Getting started

This page will give you the overview of the BSXplorer analysis scenarios.

Basic Usage

The analysis process can be divided into four steps as follows:

  1. Import annotation file

  2. Read Bismark’s cytosine report file

  3. Get results

The example analysis is prepared for Arabidopsis thaliana chromosome 3 (NC_003074.8). The test data can be downloaded from the Zenodo repository.

Import annotation file

Firstly we need to import bsxplorer module.

import bsxplorer

To import genome annotation from file use BSXplorer function bsxplorer.Genome.from_gff(). The parameters provided to the function include a path to the annotation file in GFF format.

genome = bsxplorer.Genome.from_gff("arath_genome.gff")
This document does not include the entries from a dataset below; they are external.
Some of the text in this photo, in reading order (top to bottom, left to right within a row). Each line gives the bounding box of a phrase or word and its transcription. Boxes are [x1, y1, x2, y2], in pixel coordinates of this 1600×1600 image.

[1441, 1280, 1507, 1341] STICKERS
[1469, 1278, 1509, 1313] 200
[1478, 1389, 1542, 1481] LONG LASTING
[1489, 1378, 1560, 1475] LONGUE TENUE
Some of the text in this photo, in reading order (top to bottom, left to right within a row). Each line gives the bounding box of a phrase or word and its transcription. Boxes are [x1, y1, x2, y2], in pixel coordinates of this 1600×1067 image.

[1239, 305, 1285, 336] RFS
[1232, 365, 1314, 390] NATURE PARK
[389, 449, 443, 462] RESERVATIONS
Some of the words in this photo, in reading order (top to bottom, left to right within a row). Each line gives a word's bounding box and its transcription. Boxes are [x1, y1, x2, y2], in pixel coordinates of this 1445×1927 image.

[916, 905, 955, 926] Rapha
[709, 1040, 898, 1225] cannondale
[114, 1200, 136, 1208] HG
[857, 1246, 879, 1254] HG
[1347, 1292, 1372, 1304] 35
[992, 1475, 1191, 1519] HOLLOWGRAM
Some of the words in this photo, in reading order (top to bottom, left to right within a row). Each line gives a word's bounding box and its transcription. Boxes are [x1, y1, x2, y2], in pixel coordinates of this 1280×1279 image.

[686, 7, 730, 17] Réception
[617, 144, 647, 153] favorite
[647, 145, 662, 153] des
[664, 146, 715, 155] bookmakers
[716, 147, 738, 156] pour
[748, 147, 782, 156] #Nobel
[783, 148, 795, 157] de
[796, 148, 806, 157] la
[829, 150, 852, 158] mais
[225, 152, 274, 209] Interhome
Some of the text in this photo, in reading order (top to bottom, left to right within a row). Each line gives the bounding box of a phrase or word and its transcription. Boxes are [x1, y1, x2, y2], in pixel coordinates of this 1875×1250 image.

Next, the annotation is filtered to extract the genomic regions of interest. E.g. this can be achieved with gene_body() function from the class Genome, to filter only genes from annotation.

genes = genome.gene_body(flank_length=2000, min_length=3000)

Upon completion of these steps, the annotation file can be combined with the methylation data from the cytosine report, making it possible to perform analyses of DNA methylation patterns within particular genomic contexts.

Read report

To analyse the cytosine report and carry out metagene analysis, BSXplorer offers the Metagene class. In order to read the Bismark’ methylation_extractor output file, the function from_bismark() of the Metagene class should be utilised.

metagene = bsxplorer.Metagene.from_bismark("arath_example.txt", genes, up_windows=100, body_windows=200, down_windows=100)

Get results

Depending on the analyses goals it may be required to filter the cytosine report file to extract information on the methylation context of interest as well as on strand attribution of a methylation event. This is achieved by using the Metagene.filter() function:

filtered = metagene.filter(context="CG", strand="+")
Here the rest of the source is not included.